Extracted records
────────────────

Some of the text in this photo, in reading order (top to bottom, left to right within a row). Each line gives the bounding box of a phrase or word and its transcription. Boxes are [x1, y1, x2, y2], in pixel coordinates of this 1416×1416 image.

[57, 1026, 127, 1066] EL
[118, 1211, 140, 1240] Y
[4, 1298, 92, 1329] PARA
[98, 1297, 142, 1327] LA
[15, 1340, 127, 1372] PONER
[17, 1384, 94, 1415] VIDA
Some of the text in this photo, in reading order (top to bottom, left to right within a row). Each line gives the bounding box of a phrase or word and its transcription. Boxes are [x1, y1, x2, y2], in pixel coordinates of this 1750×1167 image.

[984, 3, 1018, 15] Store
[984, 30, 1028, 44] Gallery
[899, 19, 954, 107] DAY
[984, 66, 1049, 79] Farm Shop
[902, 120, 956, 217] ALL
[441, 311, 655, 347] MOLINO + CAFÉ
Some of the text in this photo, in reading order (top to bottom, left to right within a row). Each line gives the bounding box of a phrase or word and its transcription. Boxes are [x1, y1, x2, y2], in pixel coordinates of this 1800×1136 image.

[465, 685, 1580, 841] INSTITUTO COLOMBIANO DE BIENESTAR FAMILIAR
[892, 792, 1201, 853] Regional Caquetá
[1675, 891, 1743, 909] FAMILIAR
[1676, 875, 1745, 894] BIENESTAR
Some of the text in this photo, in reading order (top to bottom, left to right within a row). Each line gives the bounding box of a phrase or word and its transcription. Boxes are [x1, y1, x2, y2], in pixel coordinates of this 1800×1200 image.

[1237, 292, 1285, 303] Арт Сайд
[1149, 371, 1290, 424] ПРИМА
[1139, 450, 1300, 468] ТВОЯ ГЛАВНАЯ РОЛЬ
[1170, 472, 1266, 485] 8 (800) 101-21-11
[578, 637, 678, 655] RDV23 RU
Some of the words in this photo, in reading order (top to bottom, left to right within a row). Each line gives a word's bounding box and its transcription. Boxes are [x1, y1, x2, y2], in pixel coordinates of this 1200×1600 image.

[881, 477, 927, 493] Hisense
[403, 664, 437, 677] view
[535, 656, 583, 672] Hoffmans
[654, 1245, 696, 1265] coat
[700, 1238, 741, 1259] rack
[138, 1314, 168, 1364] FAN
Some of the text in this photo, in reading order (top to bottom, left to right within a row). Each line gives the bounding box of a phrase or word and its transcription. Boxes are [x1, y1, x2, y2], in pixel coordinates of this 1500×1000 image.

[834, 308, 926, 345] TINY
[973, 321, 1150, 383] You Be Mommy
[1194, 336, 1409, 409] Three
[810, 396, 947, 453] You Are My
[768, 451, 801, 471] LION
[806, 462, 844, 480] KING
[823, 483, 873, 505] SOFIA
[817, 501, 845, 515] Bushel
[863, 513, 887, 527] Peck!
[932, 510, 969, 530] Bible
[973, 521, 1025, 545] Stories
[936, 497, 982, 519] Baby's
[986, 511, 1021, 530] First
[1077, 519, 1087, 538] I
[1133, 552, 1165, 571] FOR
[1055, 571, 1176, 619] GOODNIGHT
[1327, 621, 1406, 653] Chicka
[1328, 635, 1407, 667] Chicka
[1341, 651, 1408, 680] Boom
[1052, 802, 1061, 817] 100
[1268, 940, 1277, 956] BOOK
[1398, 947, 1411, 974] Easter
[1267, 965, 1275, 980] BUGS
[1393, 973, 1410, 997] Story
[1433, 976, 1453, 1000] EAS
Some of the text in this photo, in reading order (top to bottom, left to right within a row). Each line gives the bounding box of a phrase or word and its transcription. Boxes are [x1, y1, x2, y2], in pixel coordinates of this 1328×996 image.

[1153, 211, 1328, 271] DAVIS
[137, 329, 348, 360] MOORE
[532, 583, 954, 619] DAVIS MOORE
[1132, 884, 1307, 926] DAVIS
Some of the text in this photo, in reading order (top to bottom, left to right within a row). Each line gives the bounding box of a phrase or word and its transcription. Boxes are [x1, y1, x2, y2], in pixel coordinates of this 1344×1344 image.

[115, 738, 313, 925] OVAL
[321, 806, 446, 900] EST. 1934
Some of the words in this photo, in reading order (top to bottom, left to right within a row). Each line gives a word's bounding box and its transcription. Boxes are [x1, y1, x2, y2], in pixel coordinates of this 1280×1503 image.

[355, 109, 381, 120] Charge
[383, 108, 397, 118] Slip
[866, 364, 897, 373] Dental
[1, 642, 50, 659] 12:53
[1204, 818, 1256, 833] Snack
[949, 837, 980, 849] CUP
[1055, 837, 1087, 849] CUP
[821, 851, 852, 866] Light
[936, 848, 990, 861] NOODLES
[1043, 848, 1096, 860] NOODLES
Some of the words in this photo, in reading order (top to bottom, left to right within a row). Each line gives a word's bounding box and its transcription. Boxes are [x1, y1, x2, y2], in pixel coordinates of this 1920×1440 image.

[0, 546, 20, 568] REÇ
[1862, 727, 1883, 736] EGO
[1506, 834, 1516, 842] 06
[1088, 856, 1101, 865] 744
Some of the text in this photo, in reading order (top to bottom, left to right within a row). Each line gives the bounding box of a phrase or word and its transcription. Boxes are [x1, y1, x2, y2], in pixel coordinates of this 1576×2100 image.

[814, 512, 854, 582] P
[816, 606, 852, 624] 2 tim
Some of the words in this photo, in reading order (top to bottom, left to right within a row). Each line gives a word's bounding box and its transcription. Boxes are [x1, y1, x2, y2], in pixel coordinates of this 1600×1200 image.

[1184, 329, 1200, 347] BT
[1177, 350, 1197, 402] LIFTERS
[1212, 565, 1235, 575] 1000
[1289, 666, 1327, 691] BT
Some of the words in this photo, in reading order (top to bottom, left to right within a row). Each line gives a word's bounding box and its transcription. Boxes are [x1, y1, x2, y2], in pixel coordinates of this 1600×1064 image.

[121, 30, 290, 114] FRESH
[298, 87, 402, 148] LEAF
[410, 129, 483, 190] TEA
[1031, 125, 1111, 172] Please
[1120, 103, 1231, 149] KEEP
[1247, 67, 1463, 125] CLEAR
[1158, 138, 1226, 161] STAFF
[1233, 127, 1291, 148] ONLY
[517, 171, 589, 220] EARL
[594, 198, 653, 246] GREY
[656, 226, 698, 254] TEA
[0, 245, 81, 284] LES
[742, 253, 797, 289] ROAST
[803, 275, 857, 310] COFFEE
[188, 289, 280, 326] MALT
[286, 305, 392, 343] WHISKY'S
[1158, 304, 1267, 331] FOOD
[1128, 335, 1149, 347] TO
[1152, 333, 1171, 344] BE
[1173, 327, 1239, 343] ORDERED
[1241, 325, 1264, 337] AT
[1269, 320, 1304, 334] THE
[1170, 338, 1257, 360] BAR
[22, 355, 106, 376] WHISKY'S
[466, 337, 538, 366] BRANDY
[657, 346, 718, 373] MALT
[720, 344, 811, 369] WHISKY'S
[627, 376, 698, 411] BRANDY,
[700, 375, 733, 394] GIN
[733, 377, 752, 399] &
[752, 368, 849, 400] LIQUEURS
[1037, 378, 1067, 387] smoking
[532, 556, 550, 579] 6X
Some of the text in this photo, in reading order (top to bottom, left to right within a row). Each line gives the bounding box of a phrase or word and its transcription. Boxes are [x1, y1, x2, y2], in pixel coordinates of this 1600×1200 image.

────────────────

__YOUR INSTRUCTIONS__:
A faithful, word-for-word copy of the data is the expected answer.

__ANSWER__:
Some of the text in this photo, in reading order (top to bottom, left to right within a row). Each line gives the bounding box of a phrase or word and its transcription. Boxes are [x1, y1, x2, y2], in pixel coordinates of this 1416×1416 image.

[57, 1026, 127, 1066] EL
[118, 1211, 140, 1240] Y
[4, 1298, 92, 1329] PARA
[98, 1297, 142, 1327] LA
[15, 1340, 127, 1372] PONER
[17, 1384, 94, 1415] VIDA
Some of the text in this photo, in reading order (top to bottom, left to right within a row). Each line gives the bounding box of a phrase or word and its transcription. Boxes are [x1, y1, x2, y2], in pixel coordinates of this 1750×1167 image.

[984, 3, 1018, 15] Store
[984, 30, 1028, 44] Gallery
[899, 19, 954, 107] DAY
[984, 66, 1049, 79] Farm Shop
[902, 120, 956, 217] ALL
[441, 311, 655, 347] MOLINO + CAFÉ
Some of the text in this photo, in reading order (top to bottom, left to right within a row). Each line gives the bounding box of a phrase or word and its transcription. Boxes are [x1, y1, x2, y2], in pixel coordinates of this 1800×1136 image.

[465, 685, 1580, 841] INSTITUTO COLOMBIANO DE BIENESTAR FAMILIAR
[892, 792, 1201, 853] Regional Caquetá
[1675, 891, 1743, 909] FAMILIAR
[1676, 875, 1745, 894] BIENESTAR
Some of the text in this photo, in reading order (top to bottom, left to right within a row). Each line gives the bounding box of a phrase or word and its transcription. Boxes are [x1, y1, x2, y2], in pixel coordinates of this 1800×1200 image.

[1237, 292, 1285, 303] Арт Сайд
[1149, 371, 1290, 424] ПРИМА
[1139, 450, 1300, 468] ТВОЯ ГЛАВНАЯ РОЛЬ
[1170, 472, 1266, 485] 8 (800) 101-21-11
[578, 637, 678, 655] RDV23 RU
Some of the words in this photo, in reading order (top to bottom, left to right within a row). Each line gives a word's bounding box and its transcription. Boxes are [x1, y1, x2, y2], in pixel coordinates of this 1200×1600 image.

[881, 477, 927, 493] Hisense
[403, 664, 437, 677] view
[535, 656, 583, 672] Hoffmans
[654, 1245, 696, 1265] coat
[700, 1238, 741, 1259] rack
[138, 1314, 168, 1364] FAN
Some of the text in this photo, in reading order (top to bottom, left to right within a row). Each line gives the bounding box of a phrase or word and its transcription. Boxes are [x1, y1, x2, y2], in pixel coordinates of this 1500×1000 image.

[834, 308, 926, 345] TINY
[973, 321, 1150, 383] You Be Mommy
[1194, 336, 1409, 409] Three
[810, 396, 947, 453] You Are My
[768, 451, 801, 471] LION
[806, 462, 844, 480] KING
[823, 483, 873, 505] SOFIA
[817, 501, 845, 515] Bushel
[863, 513, 887, 527] Peck!
[932, 510, 969, 530] Bible
[973, 521, 1025, 545] Stories
[936, 497, 982, 519] Baby's
[986, 511, 1021, 530] First
[1077, 519, 1087, 538] I
[1133, 552, 1165, 571] FOR
[1055, 571, 1176, 619] GOODNIGHT
[1327, 621, 1406, 653] Chicka
[1328, 635, 1407, 667] Chicka
[1341, 651, 1408, 680] Boom
[1052, 802, 1061, 817] 100
[1268, 940, 1277, 956] BOOK
[1398, 947, 1411, 974] Easter
[1267, 965, 1275, 980] BUGS
[1393, 973, 1410, 997] Story
[1433, 976, 1453, 1000] EAS
Some of the text in this photo, in reading order (top to bottom, left to right within a row). Each line gives the bounding box of a phrase or word and its transcription. Boxes are [x1, y1, x2, y2], in pixel coordinates of this 1328×996 image.

[1153, 211, 1328, 271] DAVIS
[137, 329, 348, 360] MOORE
[532, 583, 954, 619] DAVIS MOORE
[1132, 884, 1307, 926] DAVIS
Some of the text in this photo, in reading order (top to bottom, left to right within a row). Each line gives the bounding box of a phrase or word and its transcription. Boxes are [x1, y1, x2, y2], in pixel coordinates of this 1344×1344 image.

[115, 738, 313, 925] OVAL
[321, 806, 446, 900] EST. 1934
Some of the words in this photo, in reading order (top to bottom, left to right within a row). Each line gives a word's bounding box and its transcription. Boxes are [x1, y1, x2, y2], in pixel coordinates of this 1280×1503 image.

[355, 109, 381, 120] Charge
[383, 108, 397, 118] Slip
[866, 364, 897, 373] Dental
[1, 642, 50, 659] 12:53
[1204, 818, 1256, 833] Snack
[949, 837, 980, 849] CUP
[1055, 837, 1087, 849] CUP
[821, 851, 852, 866] Light
[936, 848, 990, 861] NOODLES
[1043, 848, 1096, 860] NOODLES
Some of the words in this photo, in reading order (top to bottom, left to right within a row). Each line gives a word's bounding box and its transcription. Boxes are [x1, y1, x2, y2], in pixel coordinates of this 1920×1440 image.

[0, 546, 20, 568] REÇ
[1862, 727, 1883, 736] EGO
[1506, 834, 1516, 842] 06
[1088, 856, 1101, 865] 744
Some of the text in this photo, in reading order (top to bottom, left to right within a row). Each line gives the bounding box of a phrase or word and its transcription. Boxes are [x1, y1, x2, y2], in pixel coordinates of this 1576×2100 image.

[814, 512, 854, 582] P
[816, 606, 852, 624] 2 tim
Some of the words in this photo, in reading order (top to bottom, left to right within a row). Each line gives a word's bounding box and its transcription. Boxes are [x1, y1, x2, y2], in pixel coordinates of this 1600×1200 image.

[1184, 329, 1200, 347] BT
[1177, 350, 1197, 402] LIFTERS
[1212, 565, 1235, 575] 1000
[1289, 666, 1327, 691] BT
Some of the words in this photo, in reading order (top to bottom, left to right within a row). Each line gives a word's bounding box and its transcription. Boxes are [x1, y1, x2, y2], in pixel coordinates of this 1600×1064 image.

[121, 30, 290, 114] FRESH
[298, 87, 402, 148] LEAF
[410, 129, 483, 190] TEA
[1031, 125, 1111, 172] Please
[1120, 103, 1231, 149] KEEP
[1247, 67, 1463, 125] CLEAR
[1158, 138, 1226, 161] STAFF
[1233, 127, 1291, 148] ONLY
[517, 171, 589, 220] EARL
[594, 198, 653, 246] GREY
[656, 226, 698, 254] TEA
[0, 245, 81, 284] LES
[742, 253, 797, 289] ROAST
[803, 275, 857, 310] COFFEE
[188, 289, 280, 326] MALT
[286, 305, 392, 343] WHISKY'S
[1158, 304, 1267, 331] FOOD
[1128, 335, 1149, 347] TO
[1152, 333, 1171, 344] BE
[1173, 327, 1239, 343] ORDERED
[1241, 325, 1264, 337] AT
[1269, 320, 1304, 334] THE
[1170, 338, 1257, 360] BAR
[22, 355, 106, 376] WHISKY'S
[466, 337, 538, 366] BRANDY
[657, 346, 718, 373] MALT
[720, 344, 811, 369] WHISKY'S
[627, 376, 698, 411] BRANDY,
[700, 375, 733, 394] GIN
[733, 377, 752, 399] &
[752, 368, 849, 400] LIQUEURS
[1037, 378, 1067, 387] smoking
[532, 556, 550, 579] 6X
Some of the text in this photo, in reading order (top to bottom, left to right within a row). Each line gives the bounding box of a phrase or word and its transcription. Boxes are [x1, y1, x2, y2], in pixel coordinates of this 1600×1200 image.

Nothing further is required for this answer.